Ogni paese è libero di declinare il concetto di sicurezza nazionale e, in virtù di questa, può imporre restrizioni al commercio e agli investimenti esteri. In generale, il settore militare è quello più protetto, seguito dai servizi di interesse generale come la sanità, i trasporti, le comunicazioni dove spesso la componente essenziale è l’infrastruttura in monopolio naturale come le reti.
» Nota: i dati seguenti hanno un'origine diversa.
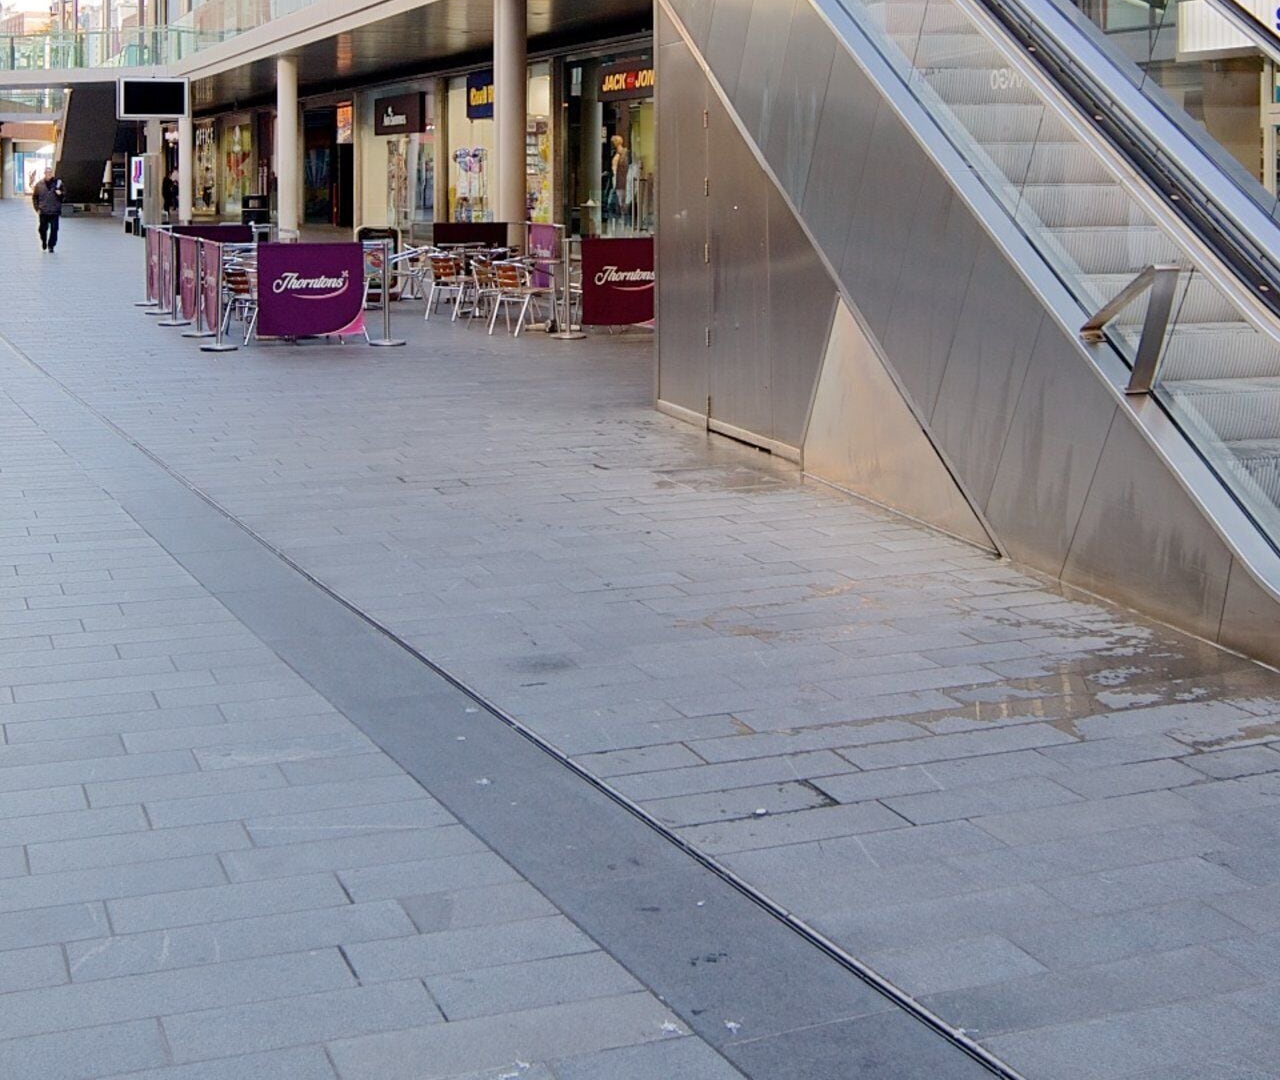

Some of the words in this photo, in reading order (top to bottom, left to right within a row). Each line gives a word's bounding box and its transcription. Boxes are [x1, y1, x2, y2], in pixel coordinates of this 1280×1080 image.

[602, 72, 626, 91] JACK
[635, 69, 655, 88] JON
[273, 271, 345, 294] Thorntons
[595, 266, 655, 286] Thorntons
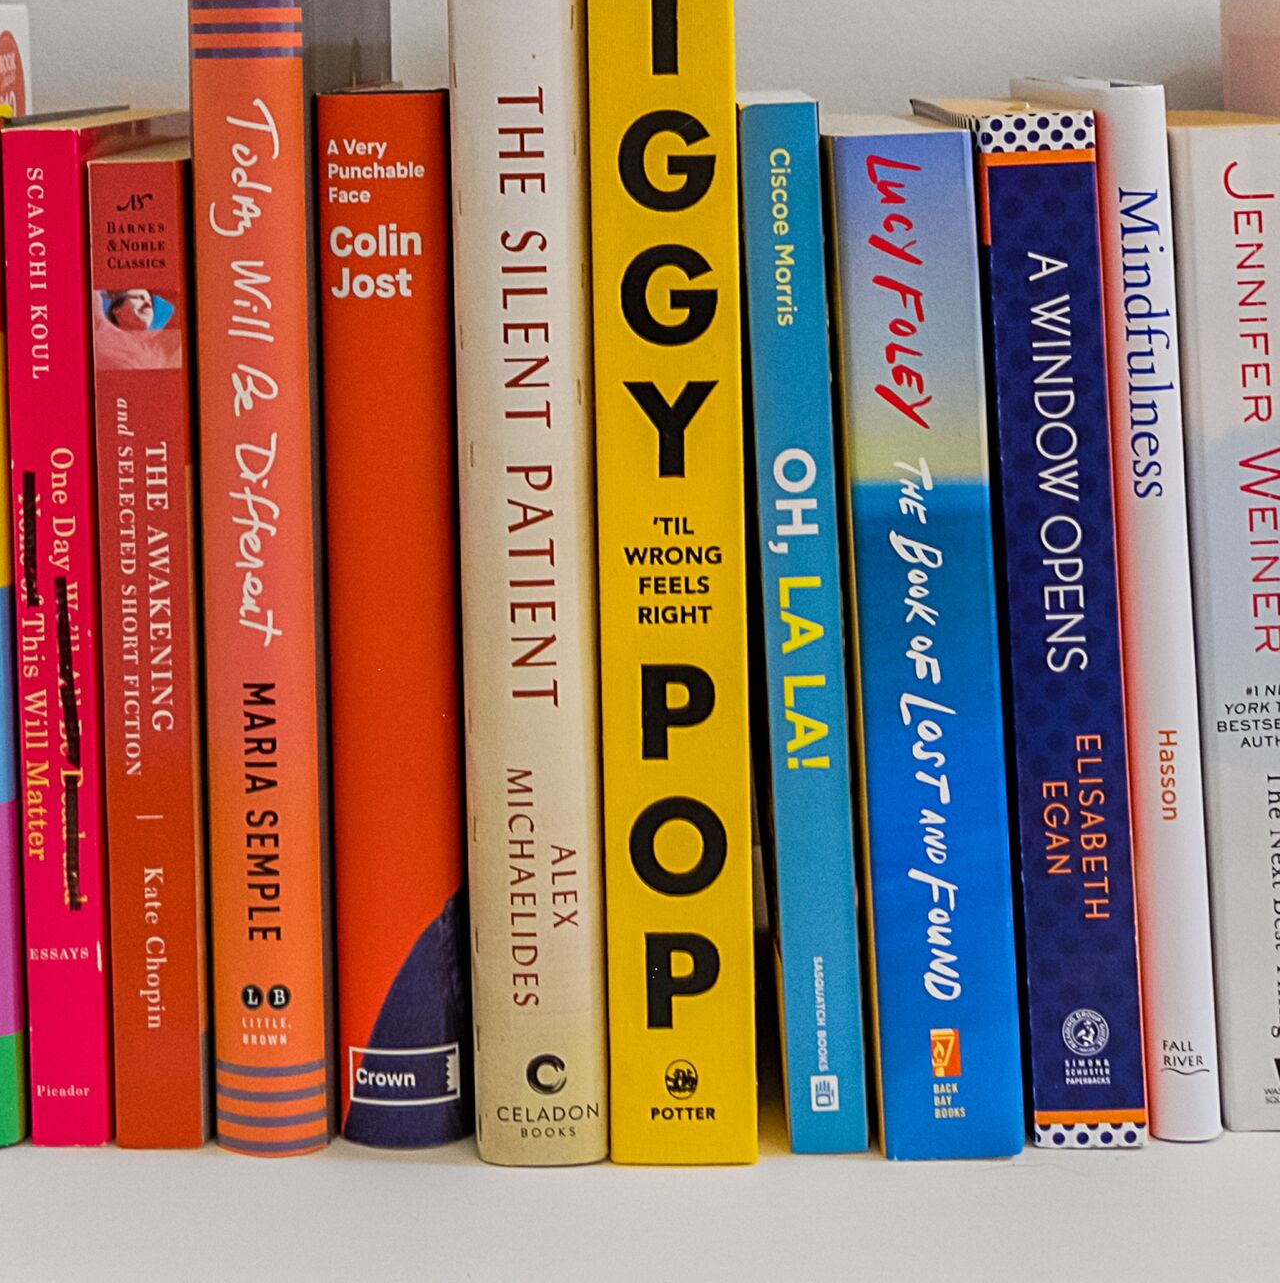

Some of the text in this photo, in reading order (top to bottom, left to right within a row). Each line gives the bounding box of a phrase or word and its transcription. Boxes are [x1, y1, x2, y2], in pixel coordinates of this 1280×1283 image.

[326, 137, 388, 159] A Very
[327, 160, 426, 180] Punchable
[328, 186, 371, 205] Face
[328, 222, 423, 258] Colin
[769, 147, 799, 327] Ciscoe Morris
[25, 166, 51, 380] SCAACHI KOUL
[331, 265, 413, 300] Jost
[1222, 160, 1276, 424] JENNIFER
[209, 98, 284, 648] Today Will Be Different
[1117, 186, 1176, 500] Mindfulness
[496, 86, 560, 709] THE SILENT PATIENT
[49, 446, 76, 505] One
[1026, 251, 1089, 674] A WINDOW OPENS
[48, 516, 78, 573] Day
[623, 545, 724, 567] WRONG
[115, 398, 143, 778] and SELECTED SHORT FICTION
[144, 440, 176, 733] THE AWAKENING
[637, 605, 713, 626] RIGHT
[638, 575, 711, 596] FEELS
[767, 447, 831, 770] OH, LA LA!
[21, 613, 46, 679] This
[24, 688, 49, 750] Will
[1224, 701, 1272, 715] YORK
[1245, 684, 1261, 697] #1
[1157, 729, 1179, 822] Hasson
[26, 760, 51, 861] Matter
[242, 682, 282, 942] MARIA SEMPLE
[1041, 781, 1073, 877] EGAN
[1074, 733, 1112, 921] ELISABETH
[628, 662, 728, 1031] POP
[506, 767, 540, 1008] MICHAELIDES
[550, 843, 580, 929] ALEX
[29, 946, 90, 962] ESSAYS
[139, 867, 169, 1030] Kate Chopin
[813, 956, 830, 1072] SASQUATCH BOOKS
[1162, 1039, 1195, 1053] FALL
[36, 1083, 91, 1099] Picador
[355, 1067, 417, 1089] Crown
[1163, 1053, 1205, 1069] RIVER
[496, 1102, 600, 1123] CELADON
[520, 1126, 577, 1139] BOOKS
[650, 1107, 717, 1121] POTTER
A parte armi, munizioni e alcuni prodotti chimici, pochi sono i prodotti protetti in quanto la loro commerciabilità ne ha garantito la disponibilità grazie all’efficace funzionamento di catene del valore distribuite in cui la nazionalità dei prodotti ha perso ogni rilevanza se non per l’applicazione delle regole di origine.
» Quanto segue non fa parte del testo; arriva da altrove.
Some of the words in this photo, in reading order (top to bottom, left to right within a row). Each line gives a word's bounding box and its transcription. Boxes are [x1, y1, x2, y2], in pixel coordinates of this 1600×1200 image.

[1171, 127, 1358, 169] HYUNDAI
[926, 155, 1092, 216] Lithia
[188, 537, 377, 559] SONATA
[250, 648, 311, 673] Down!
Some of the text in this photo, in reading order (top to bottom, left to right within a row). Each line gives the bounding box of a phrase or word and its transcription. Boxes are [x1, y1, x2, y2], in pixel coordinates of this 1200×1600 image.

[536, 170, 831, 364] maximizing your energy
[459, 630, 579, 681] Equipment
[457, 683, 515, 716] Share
Lo shock provocato dal Covid19 ha ricordato innanzitutto che, per la sicurezza nazionale, oltre al 5G e alla cybersecurity sono essenziali anche prodotti a basso valore aggiunto come i DPI e che il commercio internazionale non è rubinetto sempre aperto.

Per questo motivo nelle ultime settimane si parla di on-shoring per avere la garanzia che prodotti essenziali siano sempre disponibili entro i confini nazionali. L’off-shoring ha disperso le catene del valore alla ricerca dell’efficienza e ha aumentato la concentrazione della produzione; ma, come nel caso dei beni essenziali, ha indebolito la sicurezza nazionale.

Tuttavia, anche accettando la perdita di efficienza di produzioni portate sul suolo nazionale, non è detto che questo sia possibile; le materie prime non sono disponibili all’interno di tutti i paesi. Certo, è possibile riempire magazzini di scorte, soprattutto di prodotti poco deperibili come i DPI, ma le crisi possono avere dimensioni imprevedibili.

In conclusione, riprendendo la domanda che ha aperto questo articolo, tra l’incertezza del commercio internazionale (off-shoring) e l’impossibilità di una completa autarchia (on-shoring) una soluzione per le catene del valore post-Covid19 può essere il near-shoring. Si tratterebbe di individuare una rete di paesi vicini che possono fornire ciò che è impossibile, o più semplicemente inefficiente, produrre internamente. Per prodotti considerati essenziali si tratterebbe di ridimensionare il perimetro geografico delle catene del valore da globali a regionali.

La vicinanza geografica è necessaria per motivi logistici ed è per questo che per l’Italia l’Europa è il contesto naturale. Ma alla vicina geografica deve accompagnarsi la vicinanza politica che non deve necessariamente limitarsi all’ambito dell’UE. Infatti, nonostante un processo di integrazione che dura da quasi settanta anni, altri paesi fondatori hanno bloccato l’export di DPI e di altri dispositivi come i respiratori proprio nel momento in cui l’Italia attraversava il picco epidemico. La vicinanza politica è dimostrata, nei fatti, dalla disponibilità a prestare soccorso dove la crisi è più drammatica; una sorta di articolo 5 del Trattato NATO applicato ad un’emergenza sanitaria. Ovviamente questa vicinanza è facile da misurare ex-post, ma politica estera e politica industriale possono convergere per massimizzarne l’affidabilità ex-ante.